-
Notifications
You must be signed in to change notification settings - Fork 32
Tutorial: Radial Search
This tutorial covers the RadialSearch
method. Getting the number of points within a specified radius of a target point occurs in some machine learning algorithms such as the DBSCAN algorithm. This also has applications to spatial data-set queries. Such as the number of coffee shops within 25 miles of your current location. It is not hard to imagine similar situations requiring a radial search.
To construct a KDTree follow the steps in the wiki page Tutorial: Nearest Neighbor Search or follow the code in the wiki's Full Example Program
Similar to the nearest neighbor tutorial we generate 1,000,000 points and 10,000 test points to perform radial searches against.
var treeData = GenerateData(1000000, 1000);
var treeNodes = treeData.Select(p => string.Empty).ToArray();
var testData = GenerateData(10000, 1000);
var tree = new KDTree<double, string>(2, treeData, treeNodes, L2Norm);
// Measure the time to search
var stopwatch = new Stopwatch();
stopwatch.Start();
for (int i = 0; i < testData.Length; i++)
{
var test = tree.RadialSearch(center: testData[i], radius: 100, neighboors: 3);
}
stopwatch.Stop();
Console.WriteLine("Milliseconds: " + stopwatch.ElapsedMilliseconds);
Console.Read();
On my machine I get the following results:
Millisecods: 119
This is almost exactly the same speed as the result for our nearest neighbor search for the top 3 neighbors. This is to be expected as the nearest neighbor search is a radial search with an infinite radius and specified number of neighbors.

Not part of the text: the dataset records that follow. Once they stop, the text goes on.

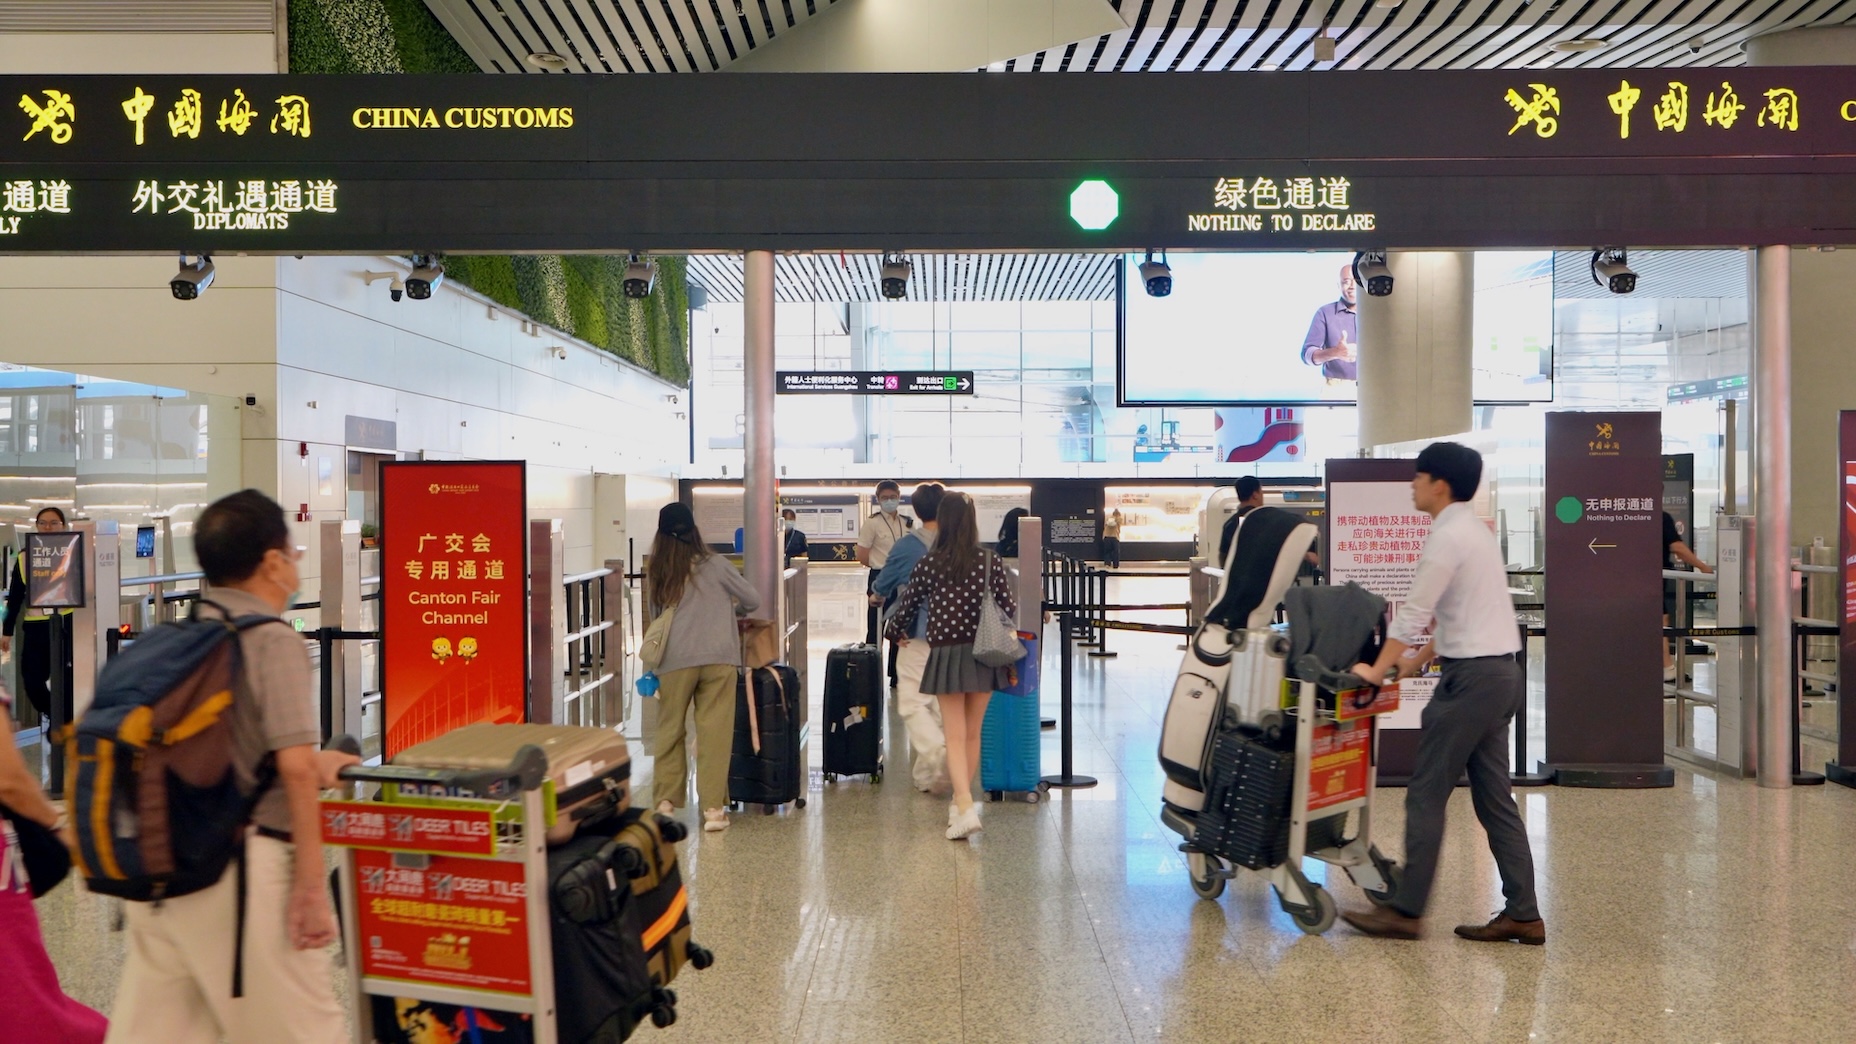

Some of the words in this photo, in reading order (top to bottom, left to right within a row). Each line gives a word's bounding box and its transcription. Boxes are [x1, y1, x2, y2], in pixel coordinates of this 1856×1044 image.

[352, 107, 441, 129] CHINA
[444, 107, 574, 129] CUSTOMS
[2, 179, 72, 213] 通道
[131, 178, 339, 214] 外交礼遇通道
[1213, 175, 1352, 211] 绿色通道
[193, 212, 289, 231] DIPLOMATS
[1187, 213, 1263, 232] NOTHING
[1270, 213, 1294, 232] TO
[1301, 213, 1376, 232] DECLARE
[1586, 498, 1654, 511] 无申报通道
[1337, 515, 1432, 526] 携带动植物及其制品
[1586, 514, 1615, 522] Nothing
[417, 533, 491, 553] 广交会
[1337, 540, 1426, 551] 走私珍贵动植物及
[33, 546, 69, 557] 工作人员
[32, 557, 52, 568] 通道
[404, 559, 505, 580] 专用通道
[32, 569, 50, 577] Staff
[408, 591, 467, 605] Canton
[471, 590, 501, 605] Fair
[422, 610, 488, 625] Channel
[451, 819, 491, 836] TILES

If we do not specify the number of neighbors the radial search will return all neighbors in the specified radius. Let run this again search for all neighbors in the given radius. Also, lets keep track of the average number of points returned.
modifying the code to be:
// Generate some data for the tree and testing
var treeData = GenerateData(1000000, 1000);
var treeNodes = treeData.Select(p => string.Empty).ToArray();
var testData = GenerateData(10000, 1000);
var tree = new KDTree<double, string>(2, treeData, treeNodes, L2Norm);
var pointsReturned = new List<int>();
// Measure the time to search
var stopwatch = new Stopwatch();
stopwatch.Start();
for (int i = 0; i < testData.Length; i++)
{
var test = tree.RadialSearch(center: testData[i], radius: 100);
pointsReturned.Add(test.Length);
}
stopwatch.Stop();
Console.WriteLine("Milliseconds: " + stopwatch.ElapsedMilliseconds);
Console.WriteLine("Average Number of Points: " + pointsReturned.Average());
Console.Read();
We get the following.
Milliseconds: 2247
Average Number of Points: 311.5181
This query is much "slower" as there are now many more branches in the KDTree to traverse.
##Discussion
There is actually much going on in this method. Lets look at a few things.

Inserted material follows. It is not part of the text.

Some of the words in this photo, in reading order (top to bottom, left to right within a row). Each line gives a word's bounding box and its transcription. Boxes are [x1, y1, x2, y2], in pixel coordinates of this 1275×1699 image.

Specifying the number of neighbors returned in a radial search completely changes the intent of the query. The query tree.RadialSearch(center: testData[i], radius: 100, neighboors: 3)
answers the question "What are the 3 closest coffee shops from my location within 100 miles" where the query tree.RadialSearch(center: testData[i], radius: 100)
answers the questions what are all the coffee shows from my location within 100 miles?
A radial search without the specified number of neighbors will always be more expensive that a nearest neighbors search as more branches have to be traversed during the search process. However, a single radial search is still extremely quick. Keep in mind, the total time for all searches combined was 2247 milliseconds. The average time in milliseconds for a single search was only 0.0007 milliseconds.
When you specify the radius for your radial search it the radius as measured using your metric function. Take for example the euclidean distance without a square root as a metric function.
Func<double[], double[], double> L2Norm = (x, y) =>
{
double dist = 0;
for (int i = 0; i < x.Length; i++)
{
dist += (x[i] - y[i]) * (x[i] - y[i]);
}
return dist;
};
When calling tree.RadialSearch(center: testData[i], radius: 100)
on a KDTree using this metric function, we are looking for all points from the center testData[i] whose squared distance is less than or equal to 100.